[Task objective]: Could you repeat every line below exactly, skipping the images?

-------- Task material

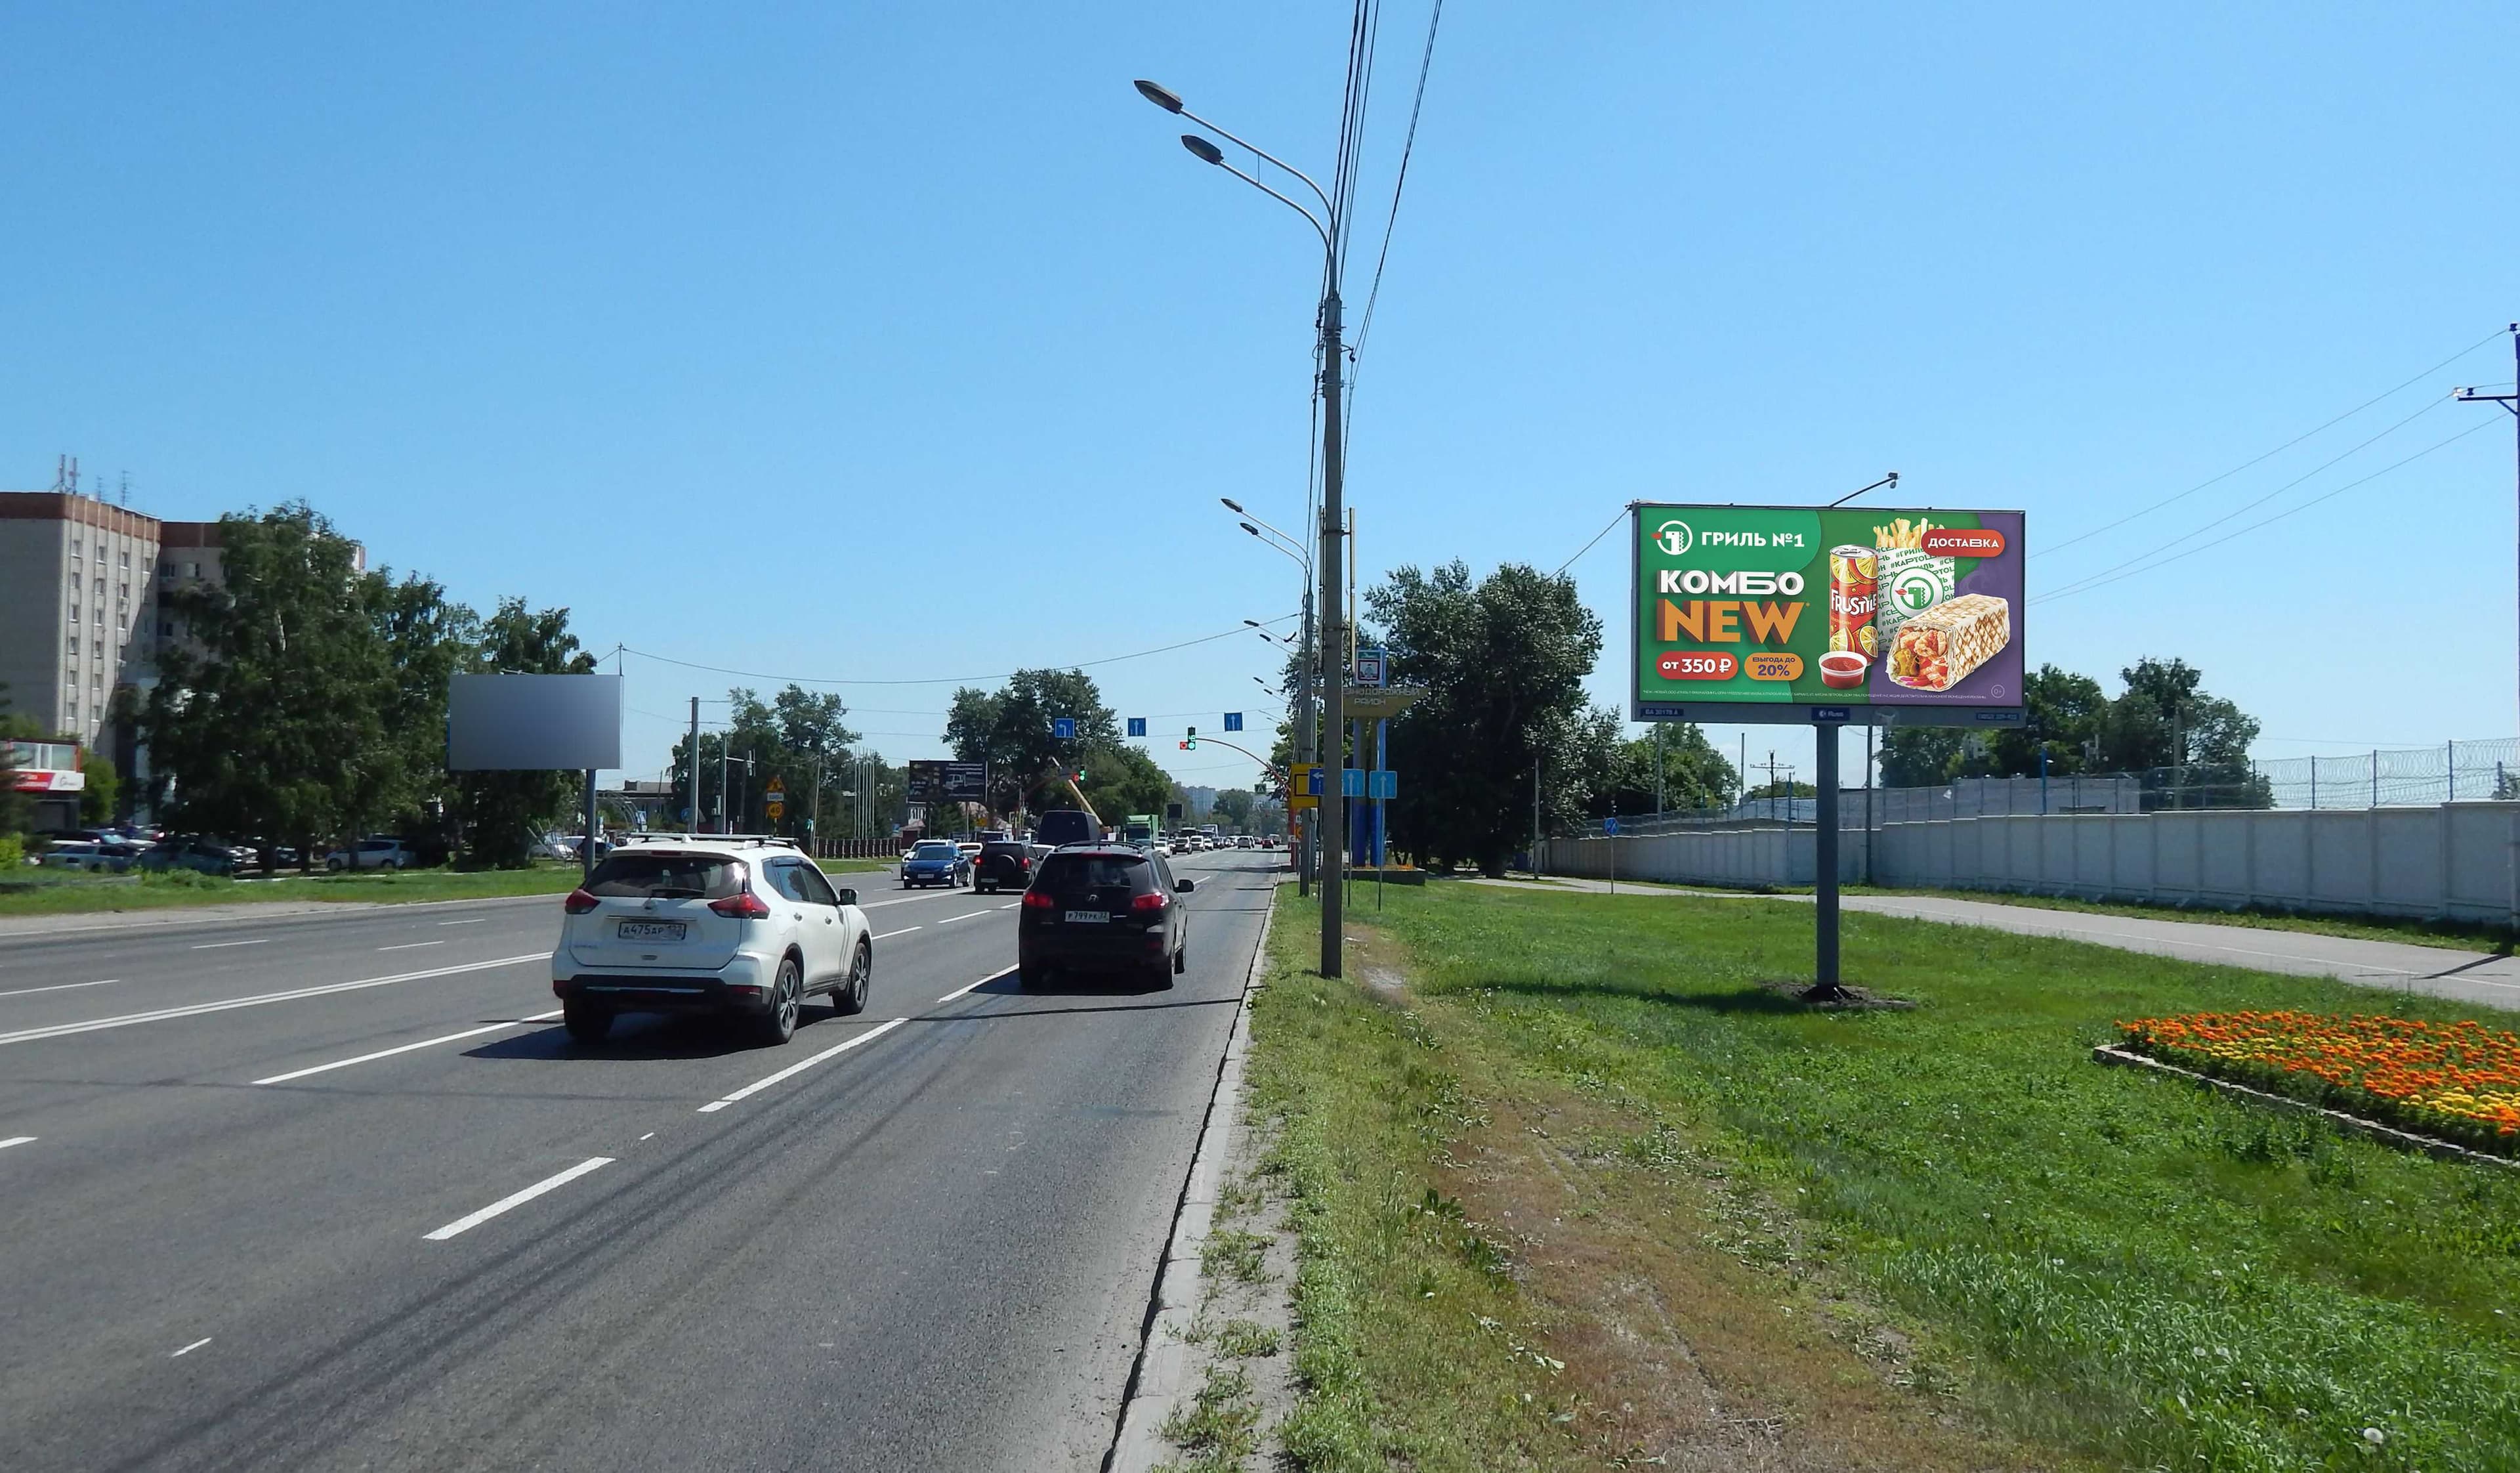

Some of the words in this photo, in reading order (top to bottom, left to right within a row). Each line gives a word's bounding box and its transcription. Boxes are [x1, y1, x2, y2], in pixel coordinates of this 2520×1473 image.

[1701, 531, 1767, 547] ГРИЛЬ
[1773, 532, 1805, 547] №1
[1928, 538, 2000, 548] ДОСТАВКА
[1658, 569, 1805, 596] КОМБО
[1658, 598, 1805, 645] NEW
[1681, 658, 1716, 673] 350
[1757, 664, 1790, 677] 20%

----------------

[Reply]:
Some of the words in this photo, in reading order (top to bottom, left to right within a row). Each line gives a word's bounding box and its transcription. Boxes are [x1, y1, x2, y2], in pixel coordinates of this 2520×1473 image.

[1701, 531, 1767, 547] ГРИЛЬ
[1773, 532, 1805, 547] №1
[1928, 538, 2000, 548] ДОСТАВКА
[1658, 569, 1805, 596] КОМБО
[1658, 598, 1805, 645] NEW
[1681, 658, 1716, 673] 350
[1757, 664, 1790, 677] 20%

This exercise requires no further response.